• Requirement:
Restate the records underneath, keeping each one exactly the same.

• Provided data:
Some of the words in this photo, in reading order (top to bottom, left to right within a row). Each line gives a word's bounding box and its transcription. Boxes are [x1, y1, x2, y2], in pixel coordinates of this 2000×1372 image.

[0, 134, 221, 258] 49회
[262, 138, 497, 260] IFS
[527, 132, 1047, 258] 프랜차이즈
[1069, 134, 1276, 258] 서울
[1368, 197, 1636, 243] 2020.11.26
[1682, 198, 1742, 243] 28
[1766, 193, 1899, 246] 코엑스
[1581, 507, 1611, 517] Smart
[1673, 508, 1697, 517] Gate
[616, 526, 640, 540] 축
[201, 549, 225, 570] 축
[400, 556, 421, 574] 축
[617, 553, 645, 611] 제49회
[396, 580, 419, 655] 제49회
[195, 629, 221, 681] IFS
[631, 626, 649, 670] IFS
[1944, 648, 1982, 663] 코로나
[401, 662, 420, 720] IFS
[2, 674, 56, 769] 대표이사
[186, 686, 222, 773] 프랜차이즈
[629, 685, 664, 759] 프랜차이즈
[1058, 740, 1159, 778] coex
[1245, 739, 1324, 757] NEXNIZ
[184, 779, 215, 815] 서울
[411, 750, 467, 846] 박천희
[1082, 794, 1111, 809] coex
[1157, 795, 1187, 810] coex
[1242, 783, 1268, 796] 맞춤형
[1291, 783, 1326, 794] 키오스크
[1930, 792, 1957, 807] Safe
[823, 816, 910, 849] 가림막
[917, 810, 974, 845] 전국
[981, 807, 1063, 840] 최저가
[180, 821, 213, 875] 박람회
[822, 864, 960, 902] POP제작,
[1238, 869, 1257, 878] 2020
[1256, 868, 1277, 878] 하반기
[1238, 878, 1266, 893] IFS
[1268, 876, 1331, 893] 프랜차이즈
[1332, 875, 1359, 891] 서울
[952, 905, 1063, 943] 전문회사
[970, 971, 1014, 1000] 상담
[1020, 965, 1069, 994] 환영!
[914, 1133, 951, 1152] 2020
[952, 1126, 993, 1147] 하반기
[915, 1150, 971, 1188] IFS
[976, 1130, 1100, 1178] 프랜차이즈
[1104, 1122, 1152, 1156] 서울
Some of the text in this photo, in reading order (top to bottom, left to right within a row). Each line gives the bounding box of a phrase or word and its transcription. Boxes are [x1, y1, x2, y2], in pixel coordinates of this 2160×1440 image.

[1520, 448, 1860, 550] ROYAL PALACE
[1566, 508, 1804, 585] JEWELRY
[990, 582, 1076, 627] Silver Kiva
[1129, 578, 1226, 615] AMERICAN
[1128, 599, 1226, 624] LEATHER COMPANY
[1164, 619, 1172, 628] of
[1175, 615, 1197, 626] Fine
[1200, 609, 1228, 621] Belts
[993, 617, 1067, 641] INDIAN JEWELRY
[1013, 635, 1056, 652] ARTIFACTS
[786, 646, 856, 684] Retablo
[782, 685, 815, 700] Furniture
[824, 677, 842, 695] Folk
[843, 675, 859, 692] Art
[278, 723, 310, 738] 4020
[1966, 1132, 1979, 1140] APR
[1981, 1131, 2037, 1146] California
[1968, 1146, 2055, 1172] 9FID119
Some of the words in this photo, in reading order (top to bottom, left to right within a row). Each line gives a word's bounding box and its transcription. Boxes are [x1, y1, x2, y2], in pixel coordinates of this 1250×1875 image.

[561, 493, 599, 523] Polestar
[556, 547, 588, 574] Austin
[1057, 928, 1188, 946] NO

• Written reply:
Some of the words in this photo, in reading order (top to bottom, left to right within a row). Each line gives a word's bounding box and its transcription. Boxes are [x1, y1, x2, y2], in pixel coordinates of this 2000×1372 image.

[0, 134, 221, 258] 49회
[262, 138, 497, 260] IFS
[527, 132, 1047, 258] 프랜차이즈
[1069, 134, 1276, 258] 서울
[1368, 197, 1636, 243] 2020.11.26
[1682, 198, 1742, 243] 28
[1766, 193, 1899, 246] 코엑스
[1581, 507, 1611, 517] Smart
[1673, 508, 1697, 517] Gate
[616, 526, 640, 540] 축
[201, 549, 225, 570] 축
[400, 556, 421, 574] 축
[617, 553, 645, 611] 제49회
[396, 580, 419, 655] 제49회
[195, 629, 221, 681] IFS
[631, 626, 649, 670] IFS
[1944, 648, 1982, 663] 코로나
[401, 662, 420, 720] IFS
[2, 674, 56, 769] 대표이사
[186, 686, 222, 773] 프랜차이즈
[629, 685, 664, 759] 프랜차이즈
[1058, 740, 1159, 778] coex
[1245, 739, 1324, 757] NEXNIZ
[184, 779, 215, 815] 서울
[411, 750, 467, 846] 박천희
[1082, 794, 1111, 809] coex
[1157, 795, 1187, 810] coex
[1242, 783, 1268, 796] 맞춤형
[1291, 783, 1326, 794] 키오스크
[1930, 792, 1957, 807] Safe
[823, 816, 910, 849] 가림막
[917, 810, 974, 845] 전국
[981, 807, 1063, 840] 최저가
[180, 821, 213, 875] 박람회
[822, 864, 960, 902] POP제작,
[1238, 869, 1257, 878] 2020
[1256, 868, 1277, 878] 하반기
[1238, 878, 1266, 893] IFS
[1268, 876, 1331, 893] 프랜차이즈
[1332, 875, 1359, 891] 서울
[952, 905, 1063, 943] 전문회사
[970, 971, 1014, 1000] 상담
[1020, 965, 1069, 994] 환영!
[914, 1133, 951, 1152] 2020
[952, 1126, 993, 1147] 하반기
[915, 1150, 971, 1188] IFS
[976, 1130, 1100, 1178] 프랜차이즈
[1104, 1122, 1152, 1156] 서울
Some of the text in this photo, in reading order (top to bottom, left to right within a row). Each line gives the bounding box of a phrase or word and its transcription. Boxes are [x1, y1, x2, y2], in pixel coordinates of this 2160×1440 image.

[1520, 448, 1860, 550] ROYAL PALACE
[1566, 508, 1804, 585] JEWELRY
[990, 582, 1076, 627] Silver Kiva
[1129, 578, 1226, 615] AMERICAN
[1128, 599, 1226, 624] LEATHER COMPANY
[1164, 619, 1172, 628] of
[1175, 615, 1197, 626] Fine
[1200, 609, 1228, 621] Belts
[993, 617, 1067, 641] INDIAN JEWELRY
[1013, 635, 1056, 652] ARTIFACTS
[786, 646, 856, 684] Retablo
[782, 685, 815, 700] Furniture
[824, 677, 842, 695] Folk
[843, 675, 859, 692] Art
[278, 723, 310, 738] 4020
[1966, 1132, 1979, 1140] APR
[1981, 1131, 2037, 1146] California
[1968, 1146, 2055, 1172] 9FID119
Some of the words in this photo, in reading order (top to bottom, left to right within a row). Each line gives a word's bounding box and its transcription. Boxes are [x1, y1, x2, y2], in pixel coordinates of this 1250×1875 image.

[561, 493, 599, 523] Polestar
[556, 547, 588, 574] Austin
[1057, 928, 1188, 946] NO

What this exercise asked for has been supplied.